L’apparecchio diventa un videopoker illegale: multe per 50mila euro
Sanzioni amministrative per oltre 50mila euro, due persone segnalate alle autorità competenti e cinque apparecchi sequestrati. Questo il resoconto di un’operazione eseguita dalla Guardia di Finanza nel basso Salento dove, all’interno di una sala giochi, ‘macchinette’ che da un primo controllo risultavano apparentemente regolari e dotate di nulla-osta per la messa in esercizio rilasciati dall’ADM, erano state in realtà artificiosamente manomesse.
In particolare, dai controlli effettuati dai finanzieri, è emerso che al loro interno era stata montata una seconda scheda gioco, riproducente il gioco del poker nelle sue regole fondamentali, in violazione dell’articolo 110 comma 7 bis del TULPS: schede illecite che, abilmente occultate in ciascuno degli apparecchi, su richiesta degli avventori venivano attivate mediante un’ingegnosa combinazione di tasti e con il supporto di una chiave magnetica in dotazione.

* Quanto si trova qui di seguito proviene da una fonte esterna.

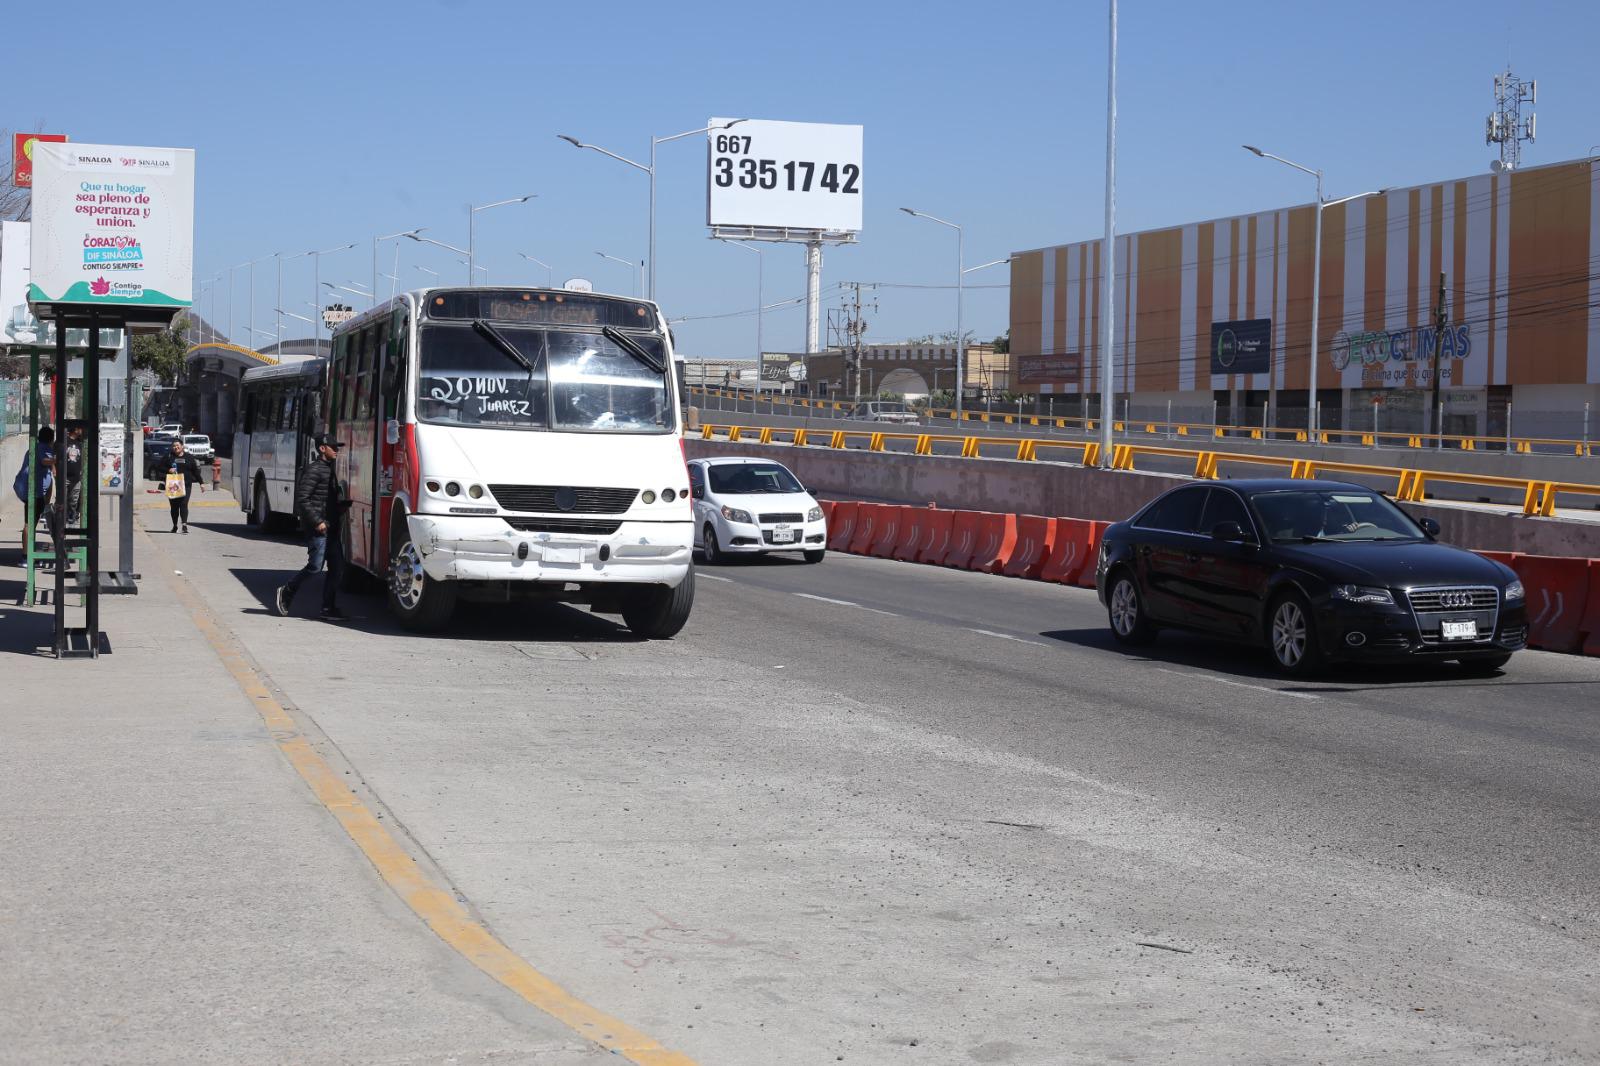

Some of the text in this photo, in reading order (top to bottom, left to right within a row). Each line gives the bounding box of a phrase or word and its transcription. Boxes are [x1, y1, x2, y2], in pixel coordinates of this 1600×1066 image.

[716, 135, 751, 155] 667
[138, 159, 170, 167] SINALOA
[80, 181, 146, 194] Que tu hogar
[76, 192, 150, 204] sea pleno de
[75, 204, 151, 219] esperanza y
[87, 250, 140, 260] DIF SINALOA
[82, 262, 138, 271] CONTIGO SIEMPRE
[114, 282, 142, 290] Contigo
[1350, 325, 1471, 364] ECOCLIMAS
[476, 378, 509, 394] NOV.
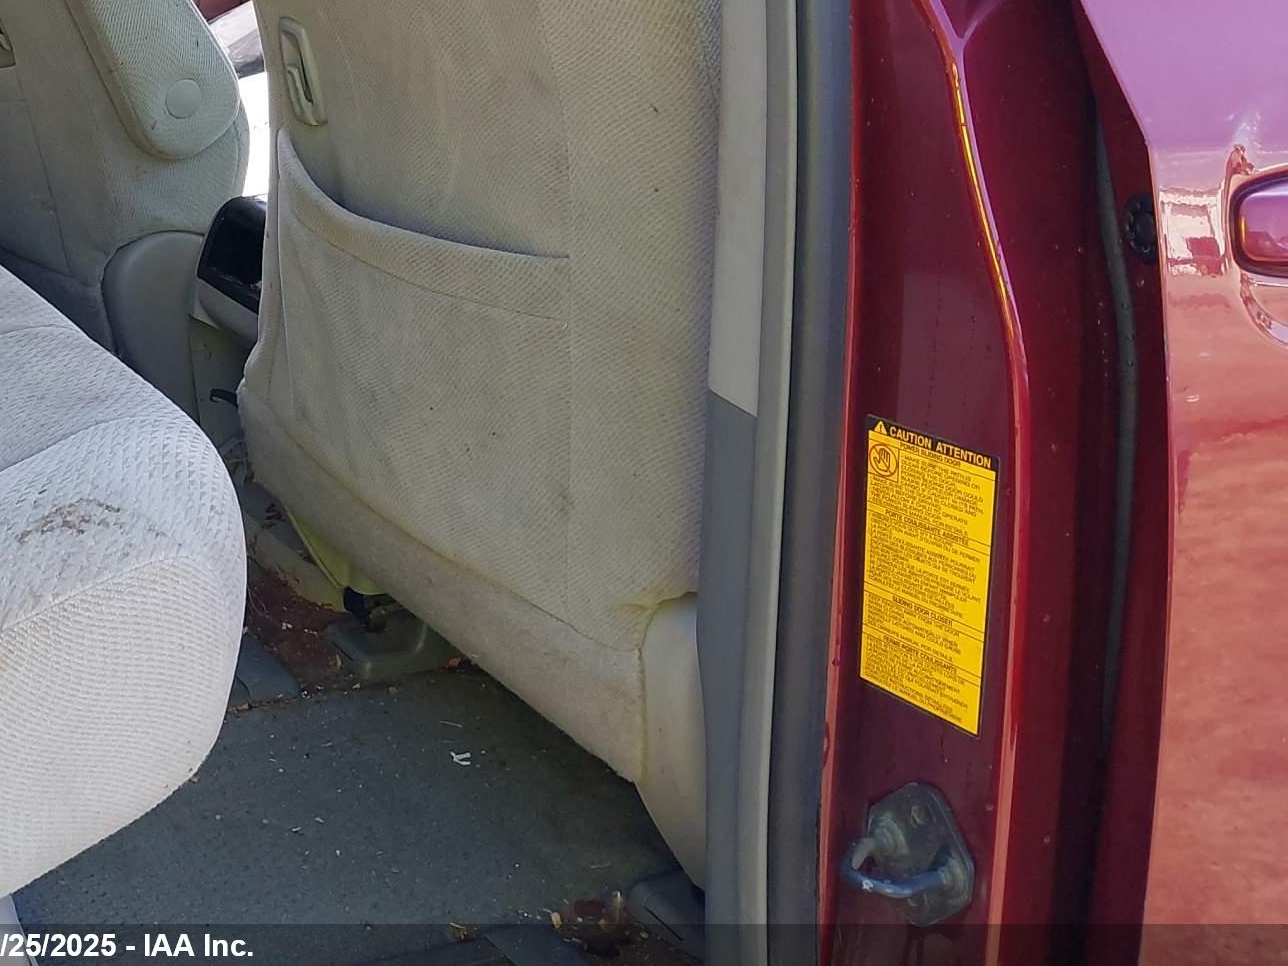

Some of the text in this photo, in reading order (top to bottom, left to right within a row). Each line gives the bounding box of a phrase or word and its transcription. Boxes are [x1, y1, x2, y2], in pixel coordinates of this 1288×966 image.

[889, 425, 991, 468] CAUTION ATTENTION
[900, 442, 960, 467] POWER SLIDING DOOR
[892, 595, 912, 609] SLIDING
[913, 604, 929, 616] DOOR
[930, 611, 952, 626] CLOSER
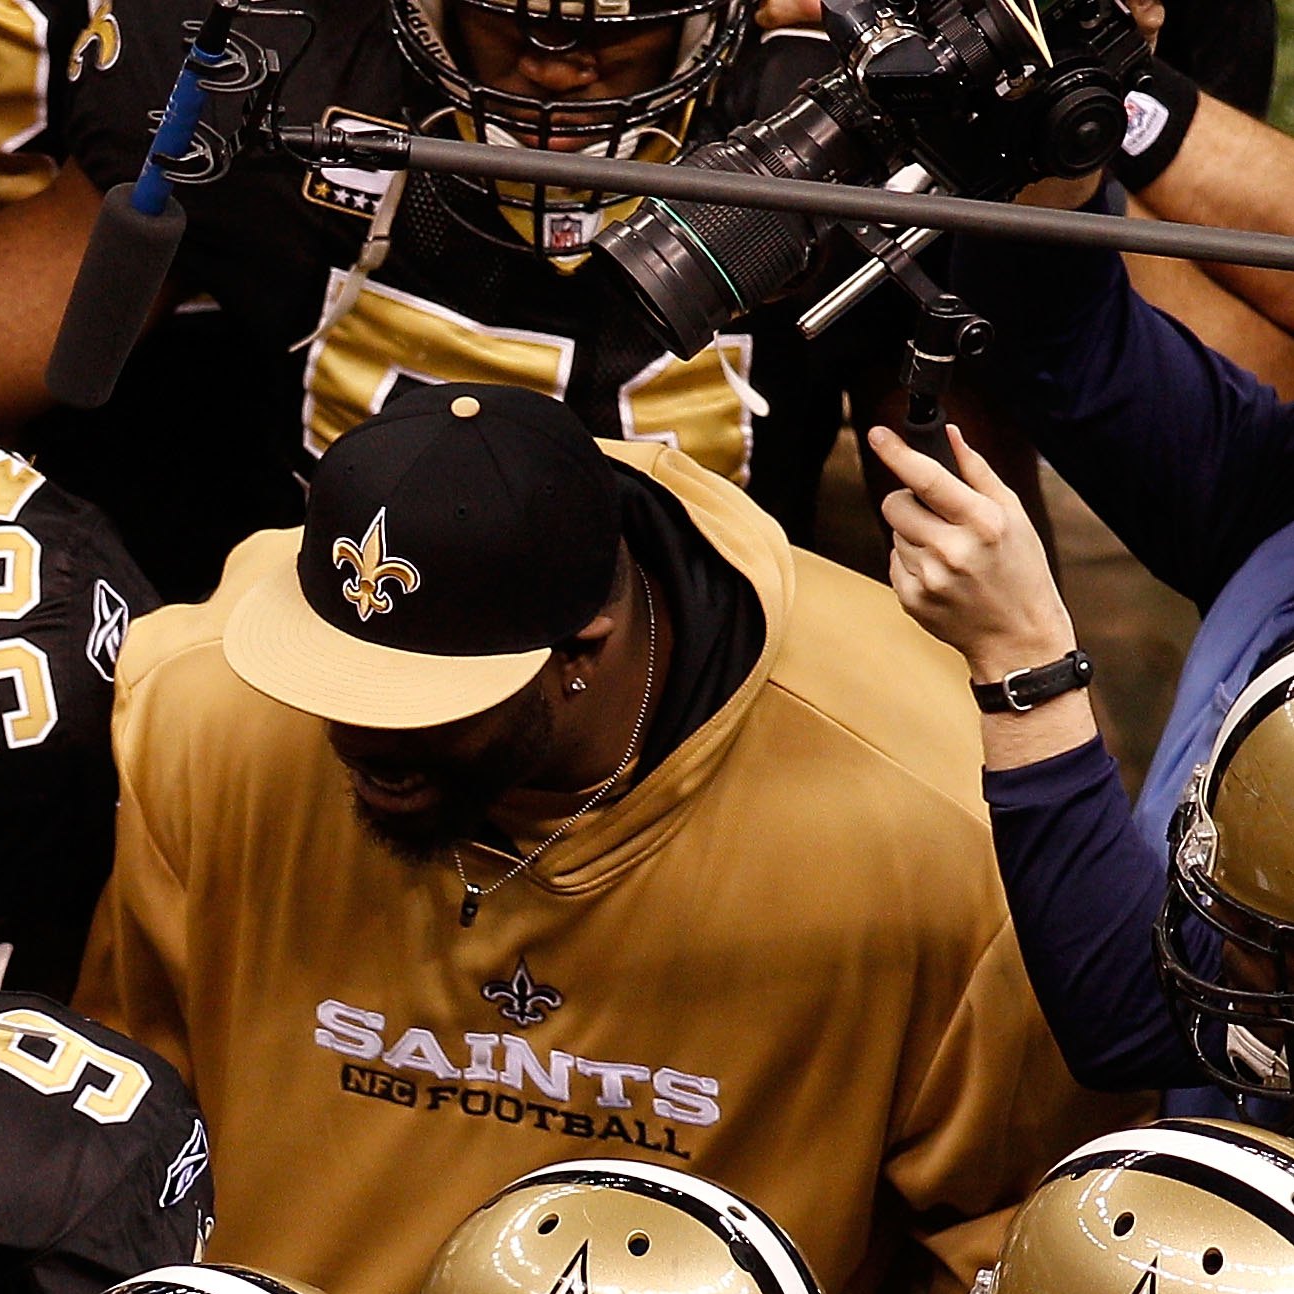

La segnalazione dei due responsabili alle autorità competenti ha innescato anche l’avvio della procedura di sospensione della licenza di esercizio che determina, ex lege, la chiusura della sala da gioco fino a 60 giorni. Sono poi in corso ulteriori approfondimenti da parte dei finanzieri, volti ad accertare il regolare assolvimento degli obblighi ai fini fiscali.